Smear this on your pizza dough. Rip up some fresh mozzerella and spread it all over the dough. Then put on some fresh tomatoes, salami, ham, spinach, gorgonzola, anchovies, olives, artichokes or whatever else suits your fancy. The sky is the limit! I love the simple version with just tomatoes (and fresh basil after it is out of the oven). Dump some good pesto on it if you have some, or don’t. It is all about doing it your way! A really good one though is gorgonzola, spicy salami and fresh spinach. I love that!
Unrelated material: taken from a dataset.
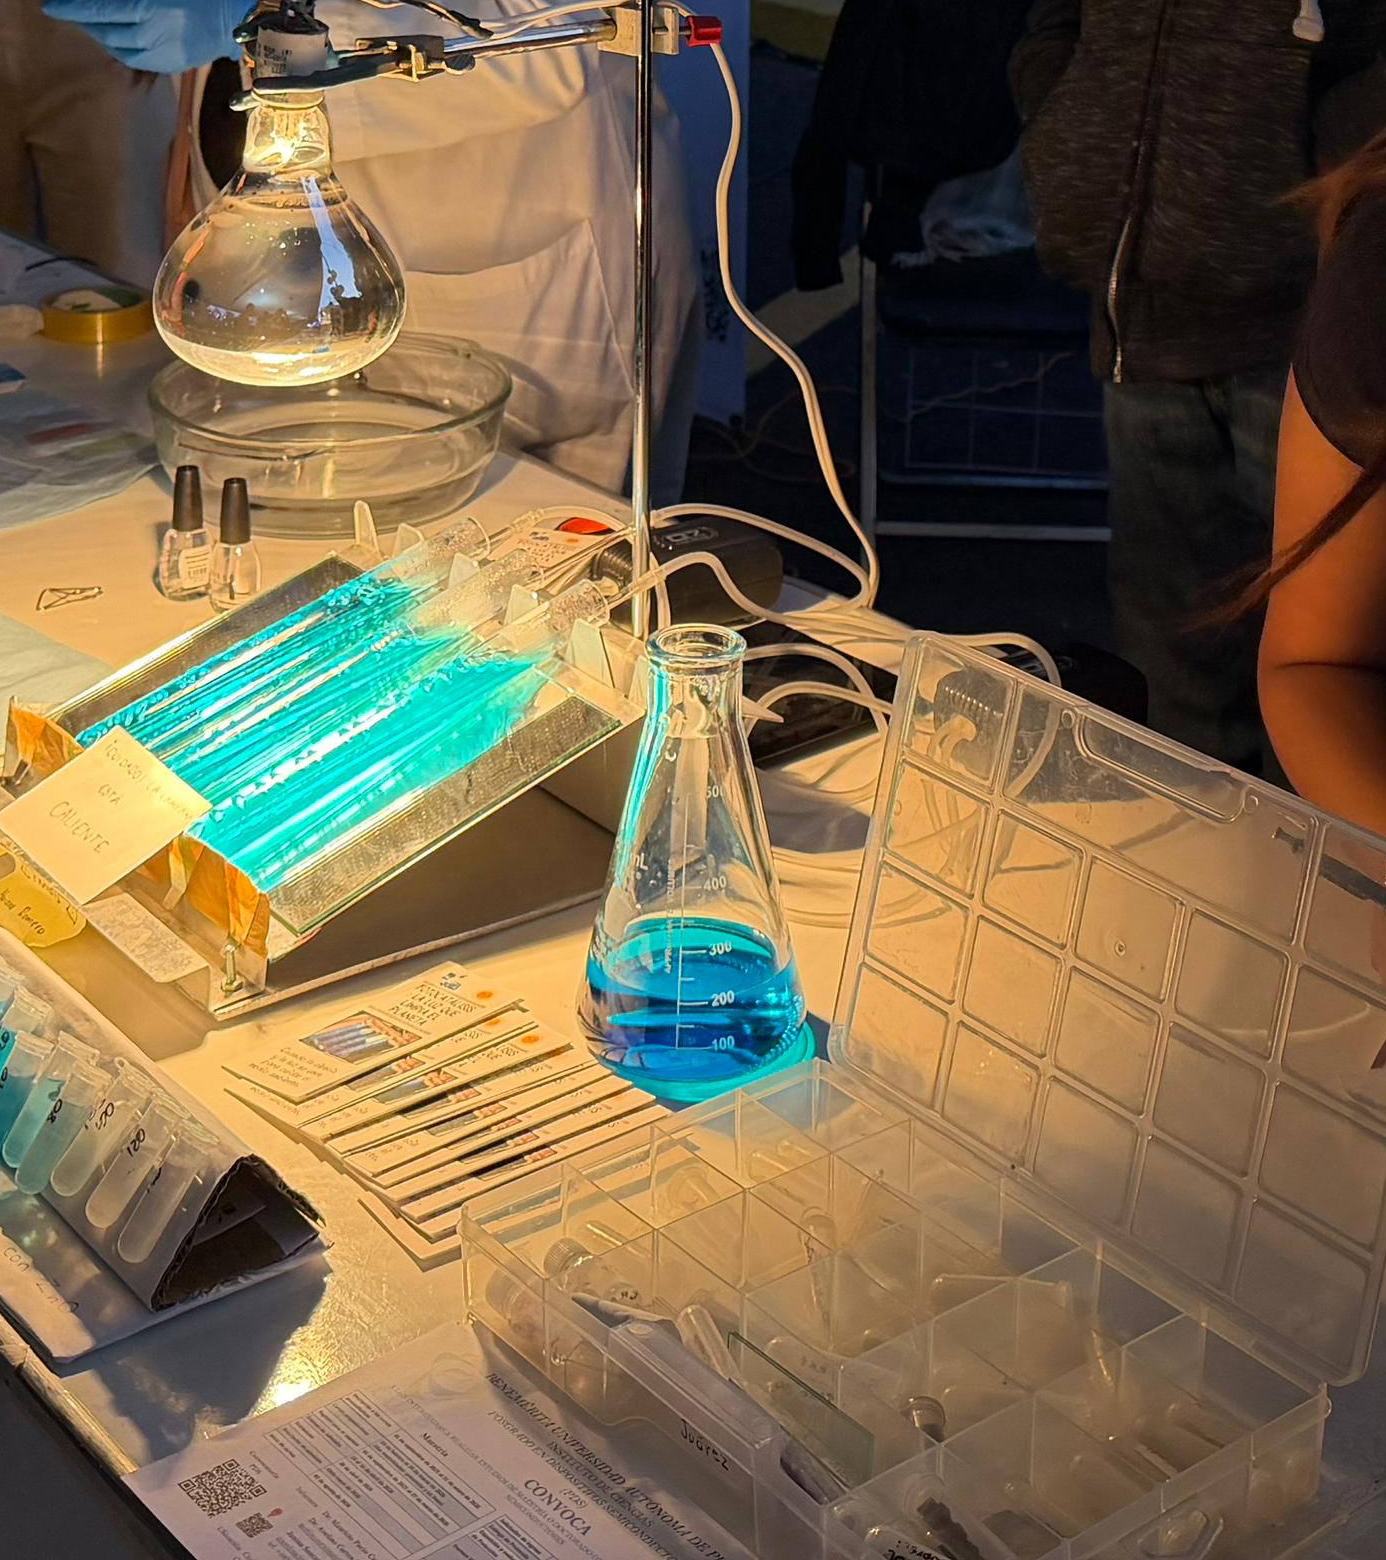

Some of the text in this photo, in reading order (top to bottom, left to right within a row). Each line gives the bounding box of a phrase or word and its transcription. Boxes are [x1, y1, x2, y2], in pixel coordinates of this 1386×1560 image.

The must important thing though, is the GARLIC OIL. Garlic oil makes everything better! And make it in advance if you have the time since it just gets better and better. My dad always has some garlic oil in his fridge, and it is extremely potent (and good)! Grate 4 big cloves of garlic, and mix it with 2/3 dl. olive oil. Drizzle this wonderous oil over the pizzas before they go in the oven, and the pizza can’t be anything but great! Bake the pizza in a piping hot (300C/575F) for about 5-8 minutes. All ovens are different though, so keep an eye on it!
And enjoy your pizza!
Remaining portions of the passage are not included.